(AVAILABLE RECORDS begins)

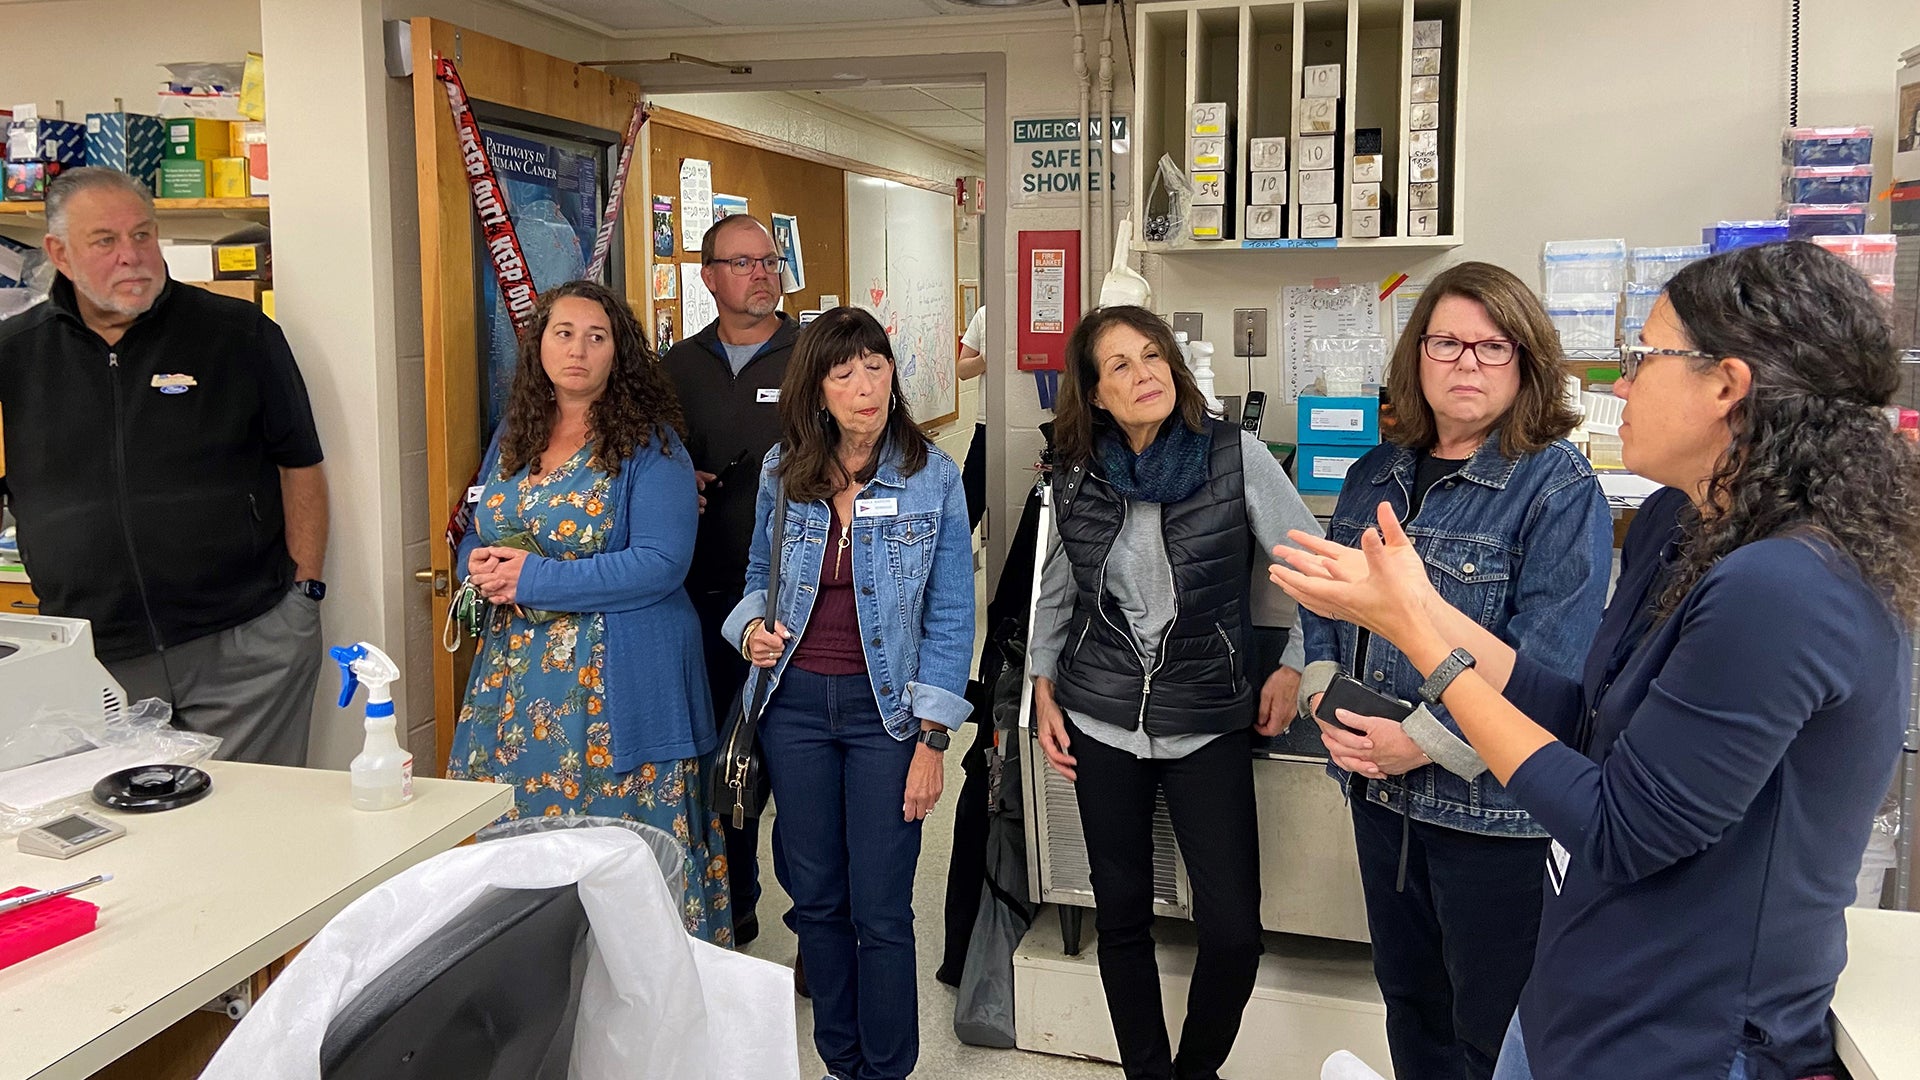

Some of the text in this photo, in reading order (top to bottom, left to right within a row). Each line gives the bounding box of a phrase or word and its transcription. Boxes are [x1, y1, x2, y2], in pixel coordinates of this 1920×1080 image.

[1196, 107, 1216, 124] 25
[1016, 121, 1122, 139] EMERGNY
[486, 137, 545, 163] PATHWAYS IN
[1200, 141, 1220, 155] 25
[1308, 146, 1323, 161] 10
[523, 160, 557, 180] CANCER
[1261, 177, 1277, 192] 10
[1302, 174, 1310, 183] 10
[1357, 189, 1368, 200] 5
[1255, 210, 1272, 224] 10
[1360, 216, 1372, 228] 5
[1418, 216, 1427, 231] 9
[490, 236, 523, 281] KEEP
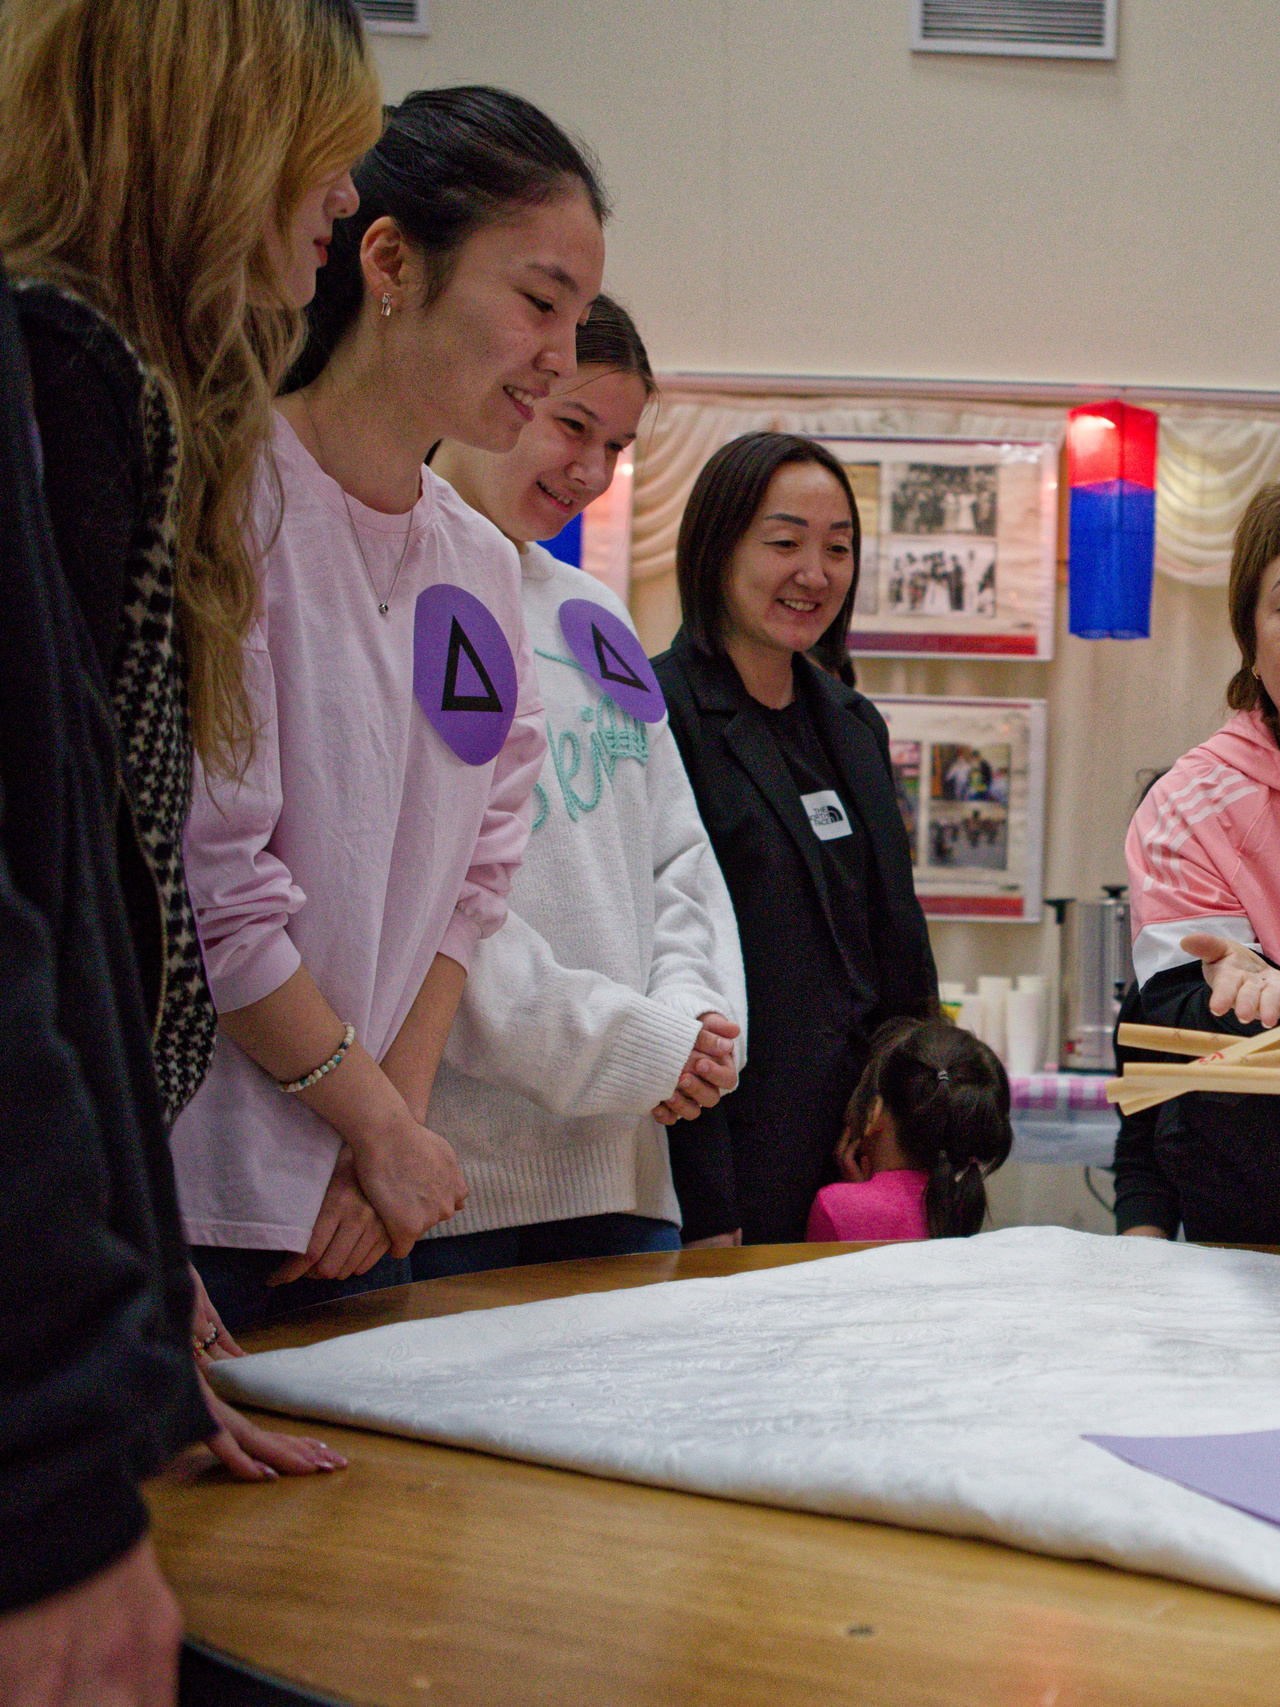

(AVAILABLE RECORDS ends)

Write out the listing above again, exactly, but with no pictures in the copy.

Some of the text in this photo, in reading order (top to bottom, left to right within a row). Each line gives the bounding box of a phrase or word and its transcription. Boxes are [x1, y1, x2, y2], in pixel coordinates of this 1920×1080 image.

[1196, 107, 1216, 124] 25
[1016, 121, 1122, 139] EMERGNY
[486, 137, 545, 163] PATHWAYS IN
[1200, 141, 1220, 155] 25
[1308, 146, 1323, 161] 10
[523, 160, 557, 180] CANCER
[1261, 177, 1277, 192] 10
[1302, 174, 1310, 183] 10
[1357, 189, 1368, 200] 5
[1255, 210, 1272, 224] 10
[1360, 216, 1372, 228] 5
[1418, 216, 1427, 231] 9
[490, 236, 523, 281] KEEP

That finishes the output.